Figure 2: Regulation of miR-146a and the effect of EV71-induced miR-146a on interferon production.

(a) Schematic organization of miR-146a. AP1 (c-jun/c-fos) BS were predicted by intersection of TRANSFAC, PROMO and JASPAR software. (b) AP1 was upregulated by EV71 infection (n=3). MI, mock infection. *P-value <0.05 compared with mock infection. (c,d) c-jun and c-fos enhance the promoter activity and expression of miR-146a. RD cells were transfected with the c-jun or c-fos overexpressing vector and assayed for promoter activity (n=4) (c) and miR-146a expression (n=3) (d). MT, mock transfection. *P-value <0.05 as compared with vector control. (e) Determination of AP1 BS within miR-146a promoter. AP1 core sequence mutants are indicated in a. The transcriptional activities of miR-146a mutant promoters were determined in the presence of AP1 (n=4). *P<0.05 as compared with the wild-type control. (f) EV71 activated miR-146a promoter harbouring a natural context but not a mutant one (n=4). (g) Silencing of AP1 decreased virus-induced miR-146a expression and restored IRAK1 and TRAF6. (h) Suppression of IRAK1 and TRAF6 was restored by antagomiR-146a. (i) Inhibition of IFNβ promoter activity was attenuated by antagomiR-146a.
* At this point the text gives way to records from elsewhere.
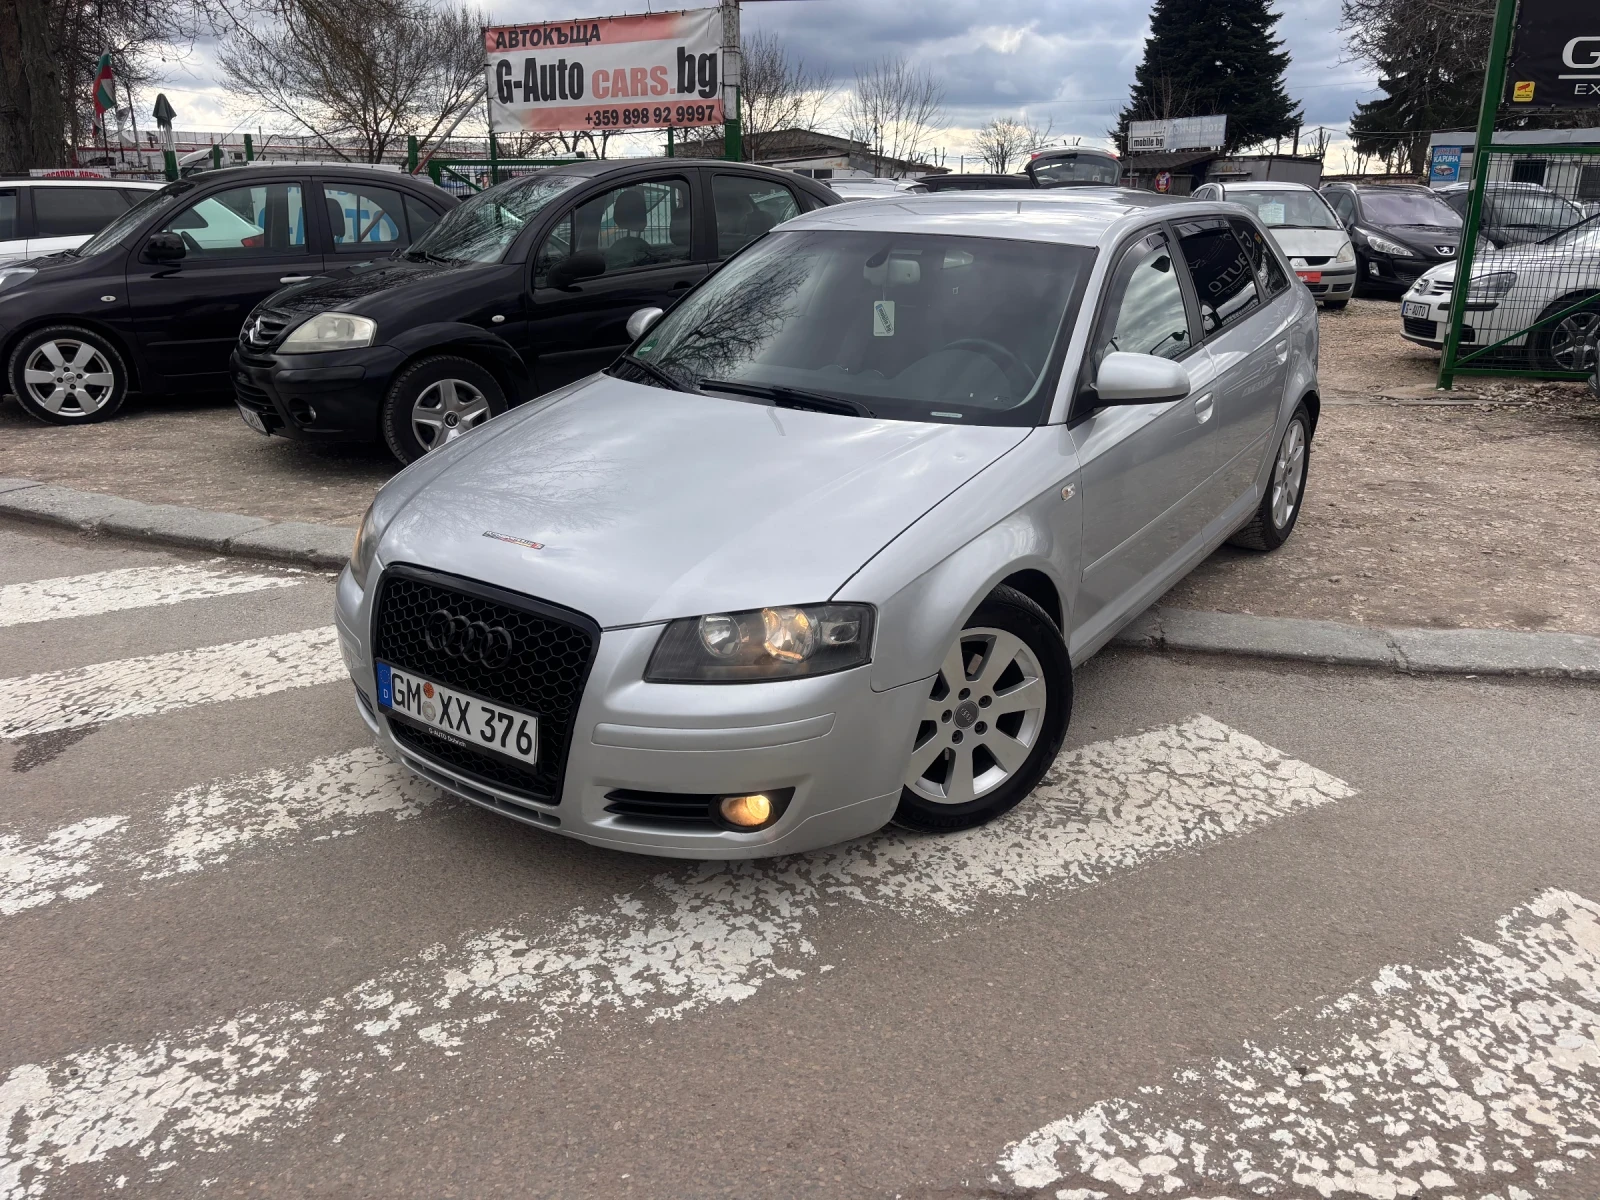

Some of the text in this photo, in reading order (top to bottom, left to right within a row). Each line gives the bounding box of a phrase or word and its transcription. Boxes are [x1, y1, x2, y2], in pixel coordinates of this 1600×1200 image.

[496, 24, 601, 49] АВТОКЪЩА
[496, 57, 584, 104] G-Auto
[585, 105, 715, 126] +359 898 92 9997
[1203, 123, 1224, 132] 2012
[383, 689, 389, 699] D
[392, 673, 532, 755] GM XX 376
IFNβ promoter was constructed and assayed by promoter assays (n=4). *P-value <0.05 as compared with antagomiR-N.C. (j) AntagomiR-146a eliminated the suppression of IFNβ expression in EV71 infection. IFNβ expressions were determined by real-time RT–PCR (n=3). MI, mock infection. *P-value <0.05 as compared with antagomiR-N.C. All data presented are mean±s.d. and all P-values are calculated by Student’s t-test.